I’m deep in Rogans podcasts so I have an alternative view of the world and of course the difference in academic teachings vs. alternative new ways of thinking (history, anthropology, geography, etc) ie Graham Hancock et al.
Any thoughts are appreciated!
“What I really wanted was every kind of life, and the writer’s life seemed the most inclusive.”
― Susan Sontag
this quote came to my mind when i read your title. i’m fascinated by pretty much everything, and one of my biggest fears, i think, is pigeonholing myself into something that doesn’t allow me to explore other areas. i think that’s a big part of why i’ve gravitated toward writing. i could see myself trying to be many things in my lifetime, though. one of the other more likely options is a college professor — i would love to teach English Literature, so i am strongly considering going back for my Master’s/PhD at some point to try to teach at the college level, if only community college/part-time. (FYI, i studied English Lit in college with minors in Philosophy and Spanish.)

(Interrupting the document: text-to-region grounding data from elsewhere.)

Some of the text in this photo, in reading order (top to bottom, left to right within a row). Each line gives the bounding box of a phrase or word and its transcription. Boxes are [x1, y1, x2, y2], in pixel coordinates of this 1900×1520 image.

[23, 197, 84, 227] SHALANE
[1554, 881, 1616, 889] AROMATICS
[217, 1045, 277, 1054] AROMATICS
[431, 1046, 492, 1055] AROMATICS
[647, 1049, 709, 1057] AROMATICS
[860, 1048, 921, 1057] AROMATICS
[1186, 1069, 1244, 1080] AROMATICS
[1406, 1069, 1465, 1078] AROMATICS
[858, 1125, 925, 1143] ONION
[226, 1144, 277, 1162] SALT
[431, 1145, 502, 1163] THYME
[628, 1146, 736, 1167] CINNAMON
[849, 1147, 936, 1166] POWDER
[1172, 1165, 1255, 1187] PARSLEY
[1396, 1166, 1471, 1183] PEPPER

i think your direction sounds pretty fantastic. i would love to study all of those areas that are covered by the major you’re currently entertaining. do you have much experience in jobs that are at all similar to the sort of job you might obtain? i would definitely urge you to pursue internships and field experience, as those experiences *in the arena* will really elucidate whether this is something you could actually see yourself doing long-term.

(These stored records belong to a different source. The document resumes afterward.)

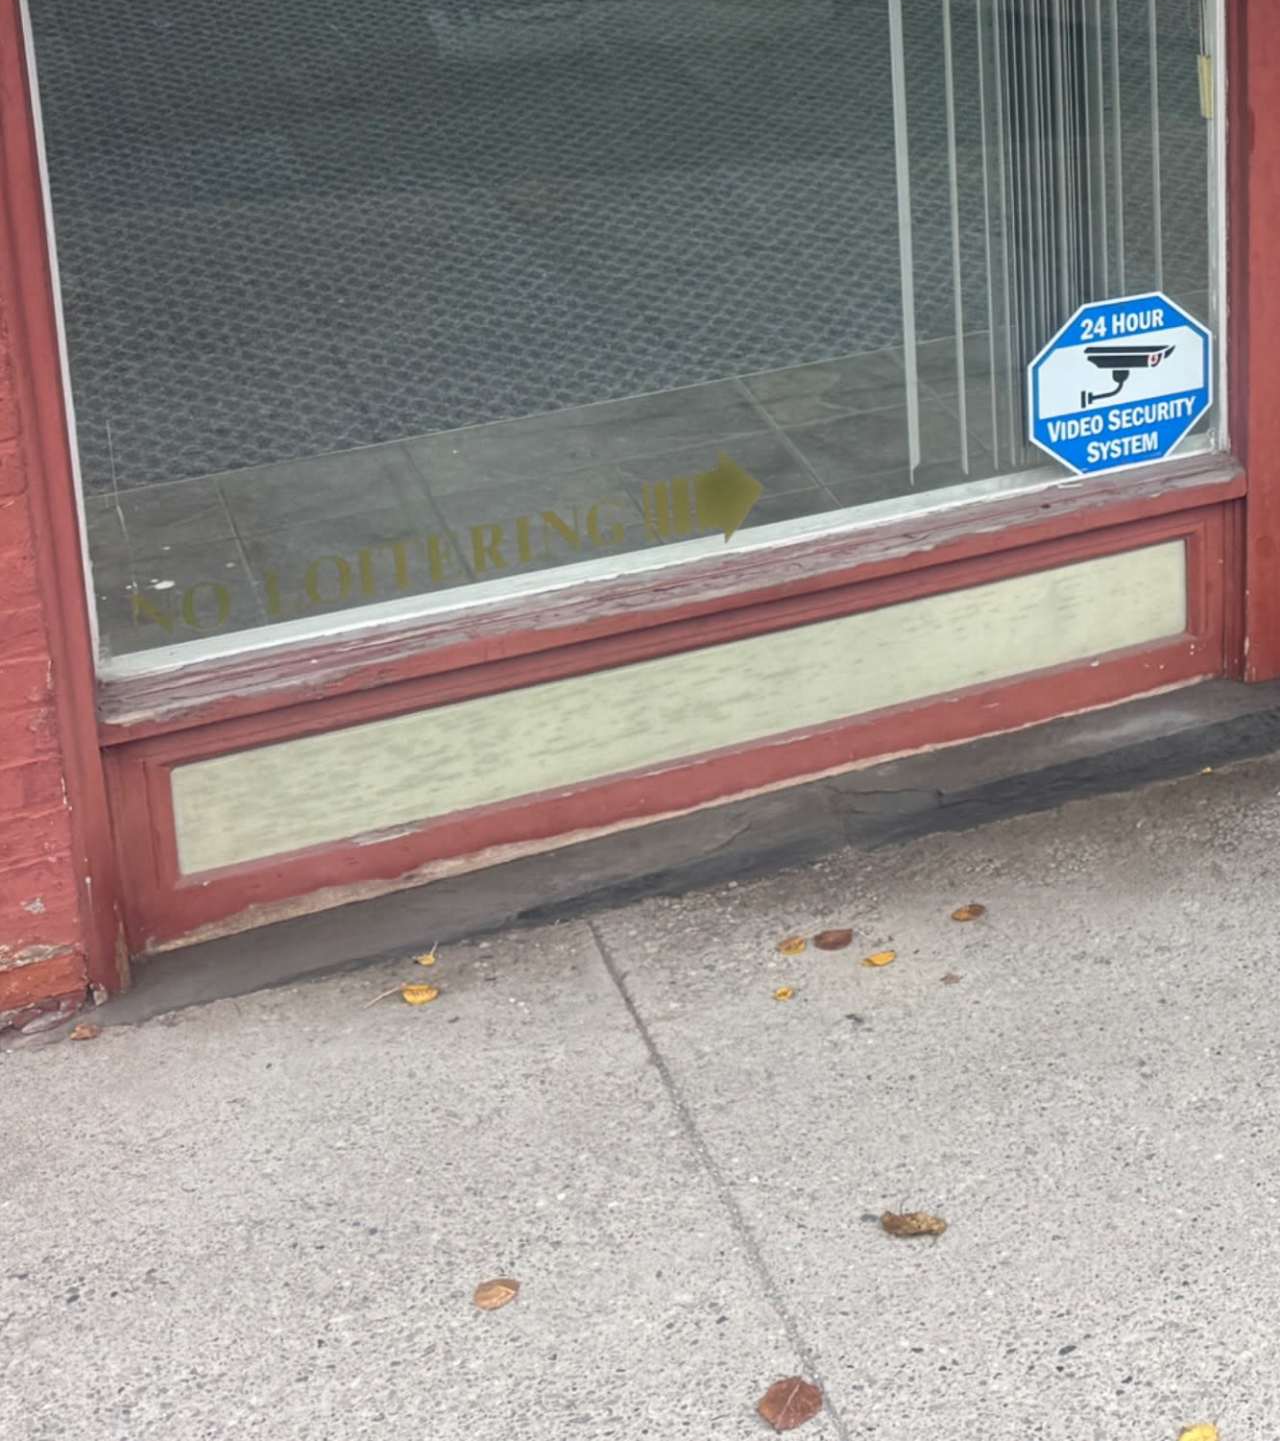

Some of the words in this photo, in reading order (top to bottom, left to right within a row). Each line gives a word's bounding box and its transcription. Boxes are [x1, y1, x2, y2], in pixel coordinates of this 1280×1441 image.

[1080, 315, 1107, 340] 24
[1112, 308, 1164, 335] HOUR
[1047, 415, 1104, 443] VIDEO
[1108, 395, 1196, 432] SECURITY
[1087, 431, 1159, 463] SYSTEM
[130, 581, 231, 635] NO
[263, 497, 625, 618] LOITERING

if what you want to do is “wake people up,” then you might want to consider being a creator/communicator of some kind. if what you really crave is to change minds, perhaps writing, speaking, or some creative pursuit is in the cards. this doesn’t necessarily have to be what you study in school, and in fact it might be better if it isn’t. you could always start a blog/vlog/side project informing people of all of the wonderful and enlightening things you learn in your studies and in your future work. :3
curious why people have told you to steer clear of the sciences? just because of a lack of jobs?
if i were to go back to get another Bachelor’s, i’d probably do it in Anthropology. i’m so fascinated by other cultures, as well as learning whatever we can about Neolithic- and Paleolithic-era humans. i have a couple friends who are currently working on their PhDs to become field anthropologists — hoping to study some of the last remaining indigenous peoples in the world, and I’ve gotta say that that sounds incredibly interesting and exciting.
ultimately, there are many amazing directions one could pursue if one is downright fascinated by existence. it’s great to have great options, but analysis paralysis is real. i think Kierkegaard summed it up pretty well: “Anxiety is the dizziness of freedom.” my humble advice would be to take the perspective that whatever route you take will be the one that is right for you. go with what feels right in your heart, and leave room for error and re-routing, should your heart undergo some kind of revolution. :]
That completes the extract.